While it is often falsely repeated that CO2 was required to fill the gap between 20th century obs. and models, the actual IPCC argument (or logical fallacy) was that they couldn’t think of anything else because they had already postulated that the natural cycles such as PDO and AMO etc. were unimportant and that the suns effect was 1/13 of CO2 and declining after 1960. That circular assumption of declining natural variation therefore drove the conclusion of dominant manmade warming after 1960 but carried with it the obvious conclusion that warming would not pause beyond minor enso fluctuations. This is why it took so long for them to stop denying the pause – it just should not have happened according to their assumptions.
However, now they have to bring back these natural cycles into the warming/cooling mix which logically leads to the conclusion that there is nothing unusual or inexplicable about global temperatures since 1960 which leaves just a long-term warming trend which the IPCC had previously conceded was likely natural. To keep the idea that CO2 is dangerous they now have to attribute that long term trend to CO2.
Jose gets my vote (I know we’re not voting). Anyone who can say “we don’t know” is a climate hero for the simple reason, we don’t know. Give that man a grant!
Wagathon – an excellent example of different solar cycle variables and their effect on different aspects of our atmosphere and no mention of TSI in sight.
As PMHinSC (above) observed, this is an immature field of science. Unfortunately it will remain immature if mainstream scientists continue to reject a solar influence based on TSI while closing their minds to other possibilities.
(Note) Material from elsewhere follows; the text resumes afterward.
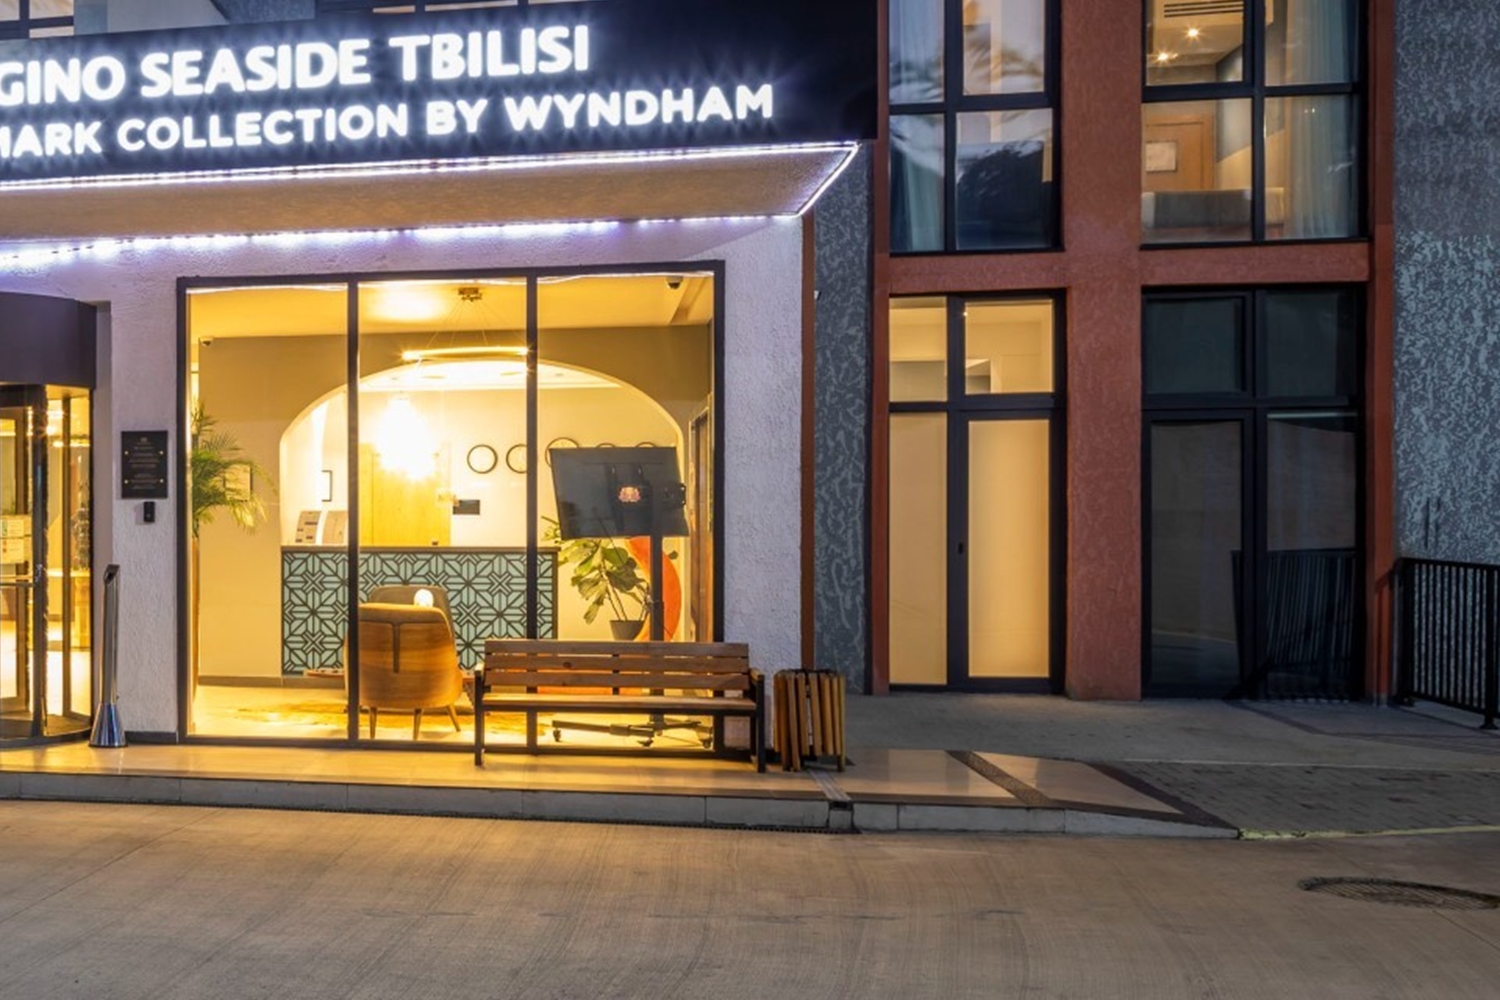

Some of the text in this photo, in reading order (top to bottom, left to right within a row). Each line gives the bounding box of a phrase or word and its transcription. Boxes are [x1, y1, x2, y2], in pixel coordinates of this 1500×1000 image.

There is a tendency to reject anything that may detract from GHG induced warming.
Earth’s climate cycles correlate compellingly with the 934-year and superimposed 60-year cycles in the inverted plot of the scalar sum of the angular momentum of the Sun and all the planets.
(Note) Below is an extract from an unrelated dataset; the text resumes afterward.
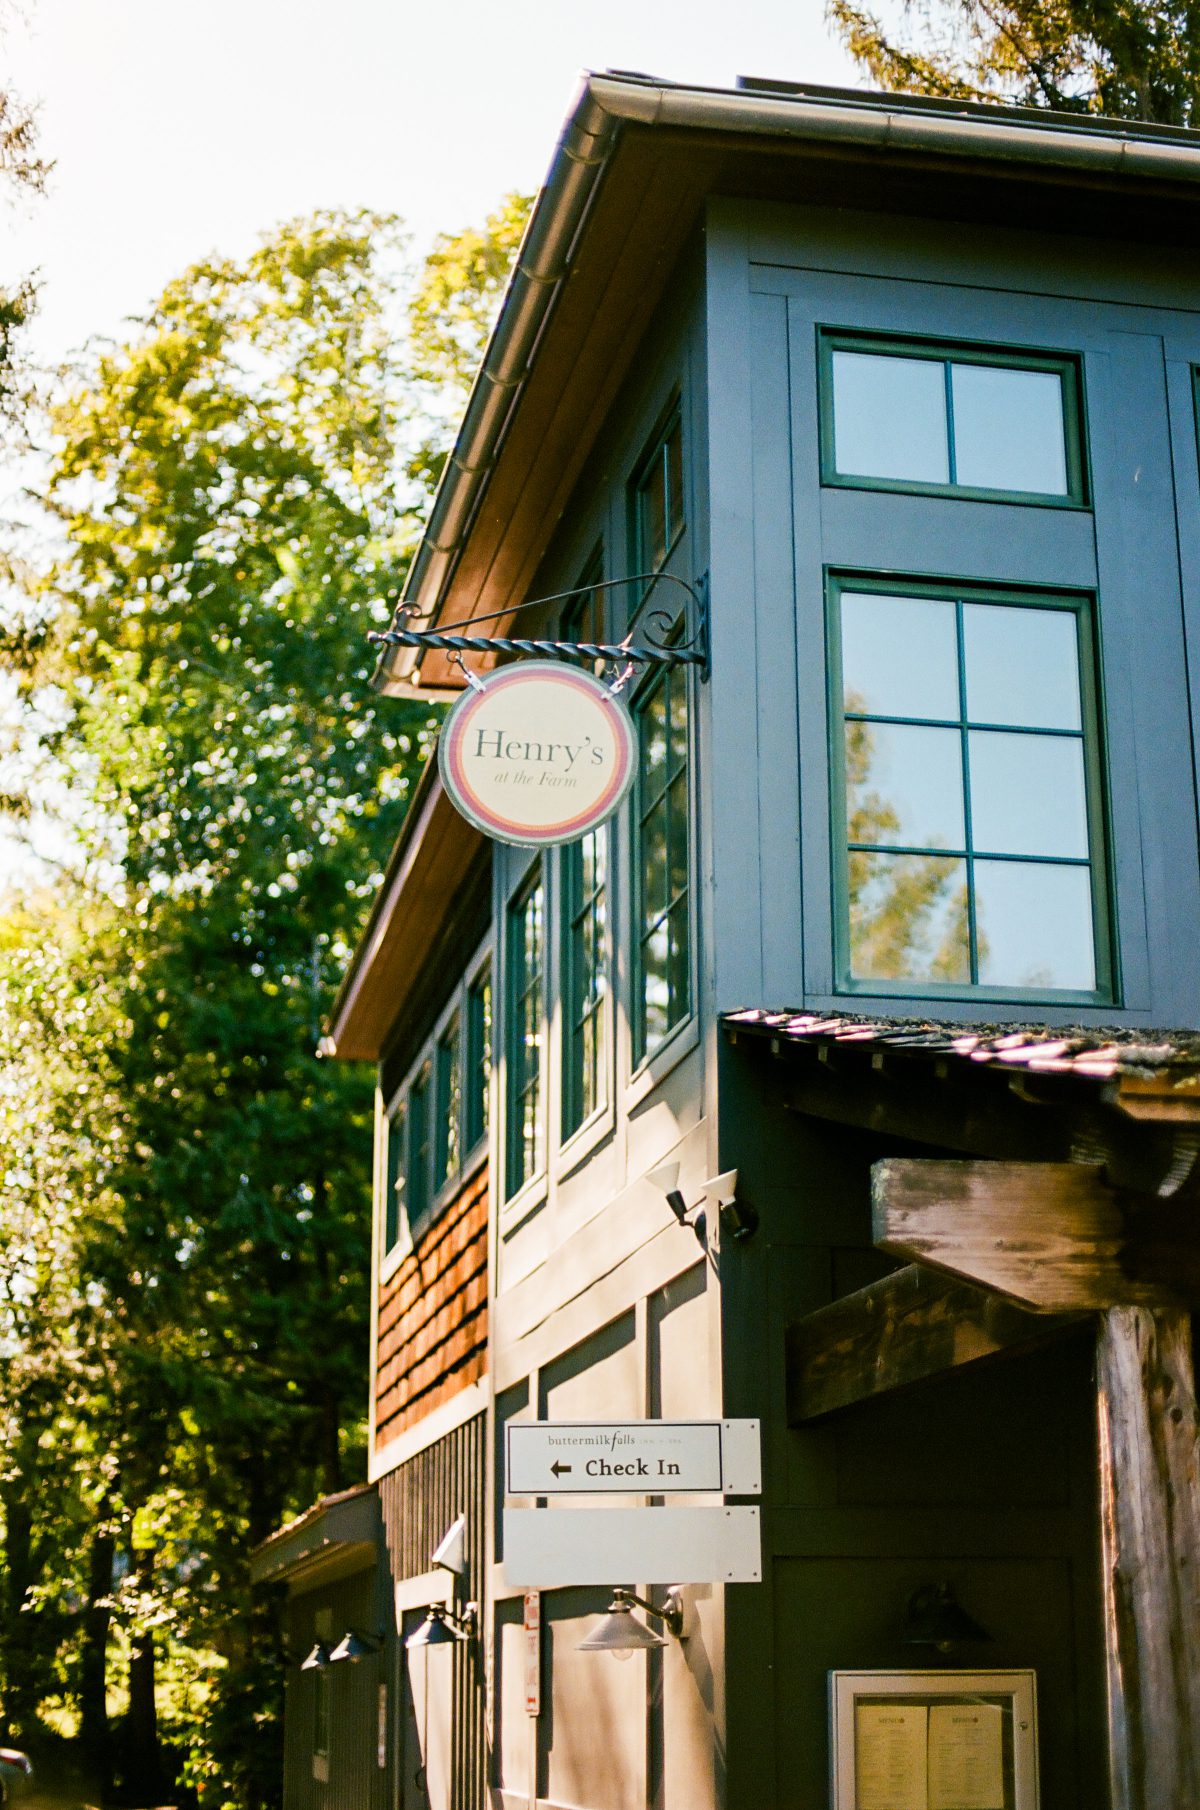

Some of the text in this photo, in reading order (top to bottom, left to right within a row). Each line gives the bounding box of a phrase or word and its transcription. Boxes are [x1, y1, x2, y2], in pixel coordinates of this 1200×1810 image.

There is no measurable net trapping of thermal energy at TOA, where the difference in flux rarely varies ±0.5%. Carbon dioxide does not act like a blanket, and nor does water vapour which keeps the world cooler.
And it’s about time all “Lukes” realised that water vapour cools in the real world, as real world temperature data confirms. You could do your own study in less than a day.
As you add more water vapour more of it congregates below the “radiating altitude” (as does more carbon dioxide) because of the density gradient. So that altitude is lowered (not raised) and furthermore we all know that water vapour reduces the temperature gradient and thus the supported surface temperature.
You Lukes have produced no empirical evidence to support the GH conjecture. You have not proved water vapour warms or produced any valid SBL calculations that gel with the observed surface temperatures on Earth or Venus and so you don’t come anywhere near qualifying for the $5,000 reward I’ve offered, because the first requirement is a study with similar methodology to mine but showing water vapour warms, and warms to the huge extent that would be necessary if it were in fact causing most of the claimed “33 degrees” of warming as in IPCC documentation on their website.
Critical to the IPCC “explanation” is the addition of back radiative flux to solar flux when doing SBL calculations for Earth’s surface temperature. The combined requirement for 288K (using emissivity 0.95) would be a mean of 370W/m^2 of thermal energy transferring out of the base of the atmosphere and into the surface. But, after 30% of solar radiation is reflected by the atmosphere, the mean solar radiation entering the atmosphere is about (0.7 x 1360)/4 = 238W/m^2. So how does the atmosphere add 55% to the incident energy and deliver more into the surface?
double CO2 raises our green house constant from .78 to potentially .80, with a resultant 1.5C rise in surface temperatures. A 1.5% decrease in solar output would counteract this. We have seen .2 % solar output changes over the last 30 years, and there seems evidence that other cycles are much deeper in the past. The arrogance seems to come from believing modeling co2 is accurate, Total cloud patterns impact the constant far more, and total cloud patterns could be a chaotic output of many other factors.